Javier de la Serna F, Martinez M A, Valdes M D, Hornedo J, Mestre M J, Morales J M
Department of Hematology, Hospital, 1 de Octubre, Madrid, Spain.
Med Pediatr Oncol. 1988;16(2):123-7. doi: 10.1002/mpo.2950160212.
Rhabdomyosarcoma and other small round-cell neoplasms of infancy and childhood frequently involve the bone marrow. An unusual clinical presentation of diffuse bone marrow involvement as the sole manifestation of the disease represents a difficult diagnostic challenge. We report the case of an 18-year-old boy presenting with lower back pain, sternum tenderness, anemia, thrombocytopenia, leukoerythroblastic blood film, hypercalcemia, and renal failure. No solid tumor was found. A diagnosis of rhabdomyoblastic bone marrow metastatic involvement was initially suggested by the morphological picture, and later confirmed by the ultrastructural findings. Hypercalcemia and renal failure were controlled, initially, with furosemide and calcitonin. The patient was treated with intensive chemotherapy, including vincristine, actinomycin D, cyclophosphamide, and doxorubicin. A remission was achieved, lasting 5 months until relapse.

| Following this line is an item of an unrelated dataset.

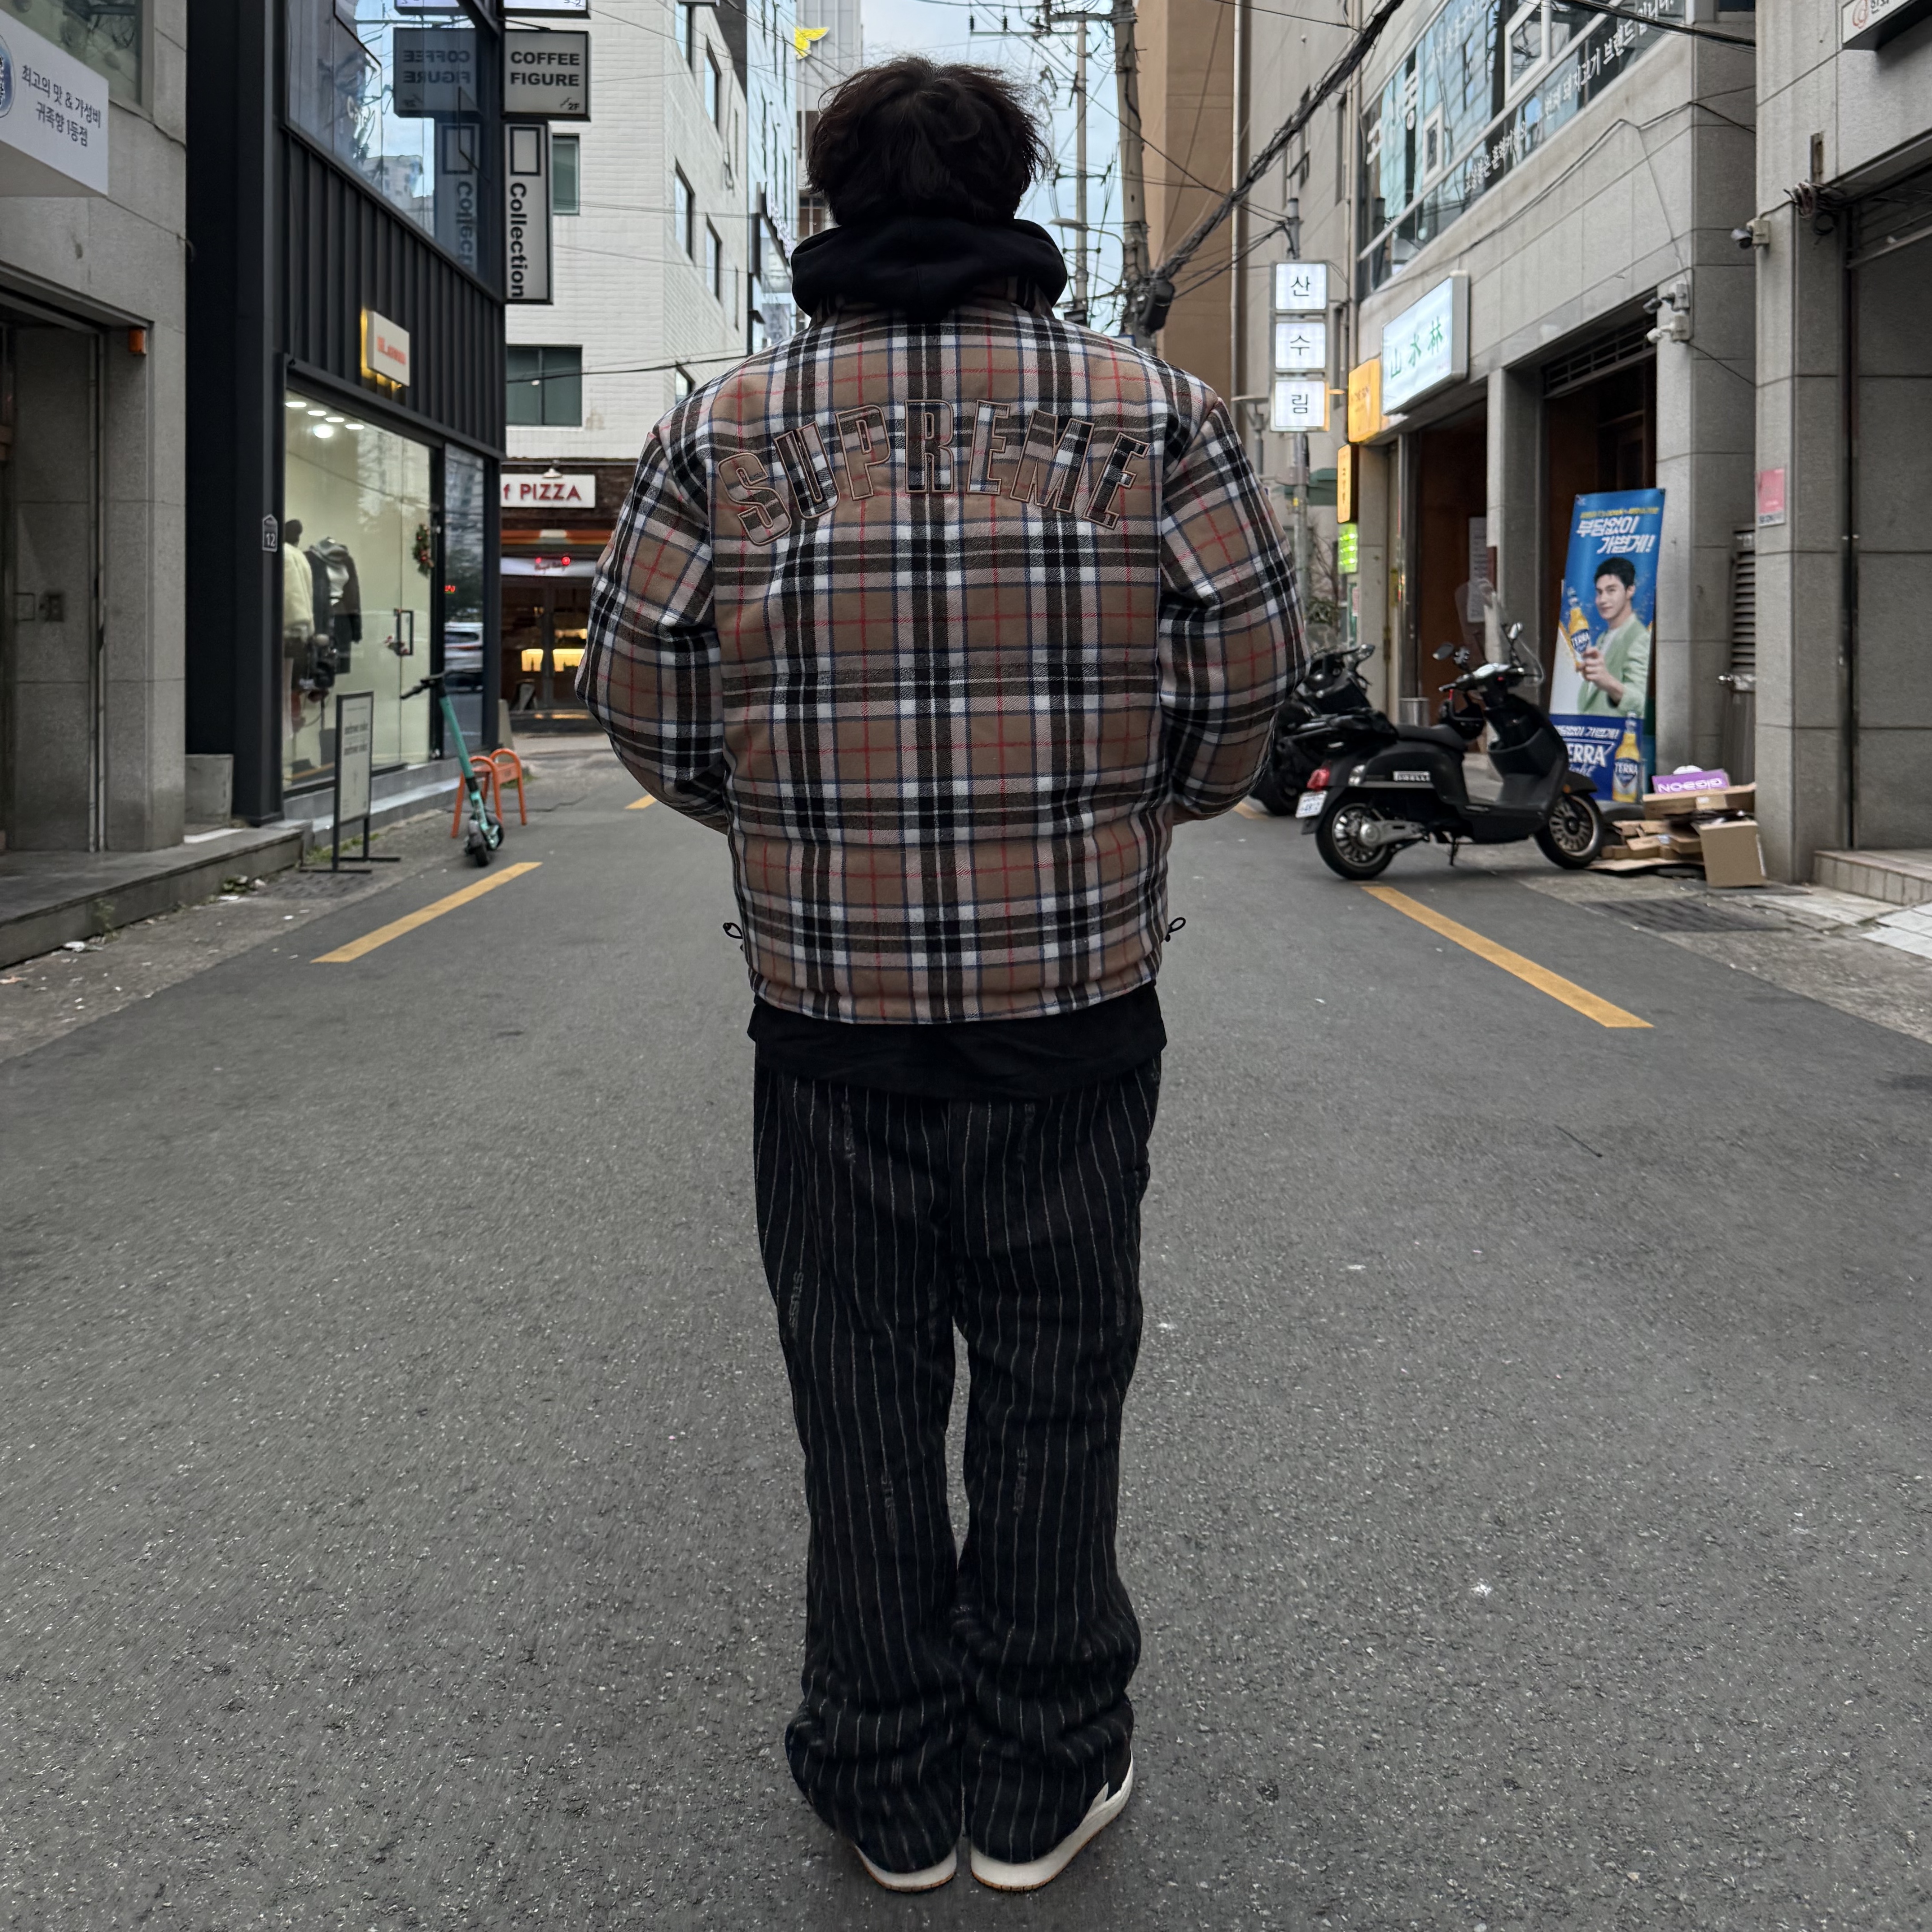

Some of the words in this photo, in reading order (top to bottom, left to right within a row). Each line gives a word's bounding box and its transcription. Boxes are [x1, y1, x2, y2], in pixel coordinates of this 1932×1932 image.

横纹肌肉瘤及其他婴幼儿和儿童期的小细胞圆形肿瘤常累及骨髓。以弥漫性骨髓受累作为疾病唯一表现的不寻常临床症状是一项艰难的诊断挑战。我们报告一例18岁男孩,其表现为下背部疼痛、胸骨压痛、贫血、血小板减少、幼稚粒-幼红细胞血象、高钙血症及肾衰竭。未发现实体瘤。最初根据形态学表现提示为横纹肌母细胞性骨髓转移受累,随后超微结构检查结果证实了这一诊断。高钙血症和肾衰竭最初用速尿和降钙素控制。患者接受了强化化疗,包括长春新碱、放线菌素D、环磷酰胺和阿霉素。实现了缓解,持续5个月后复发。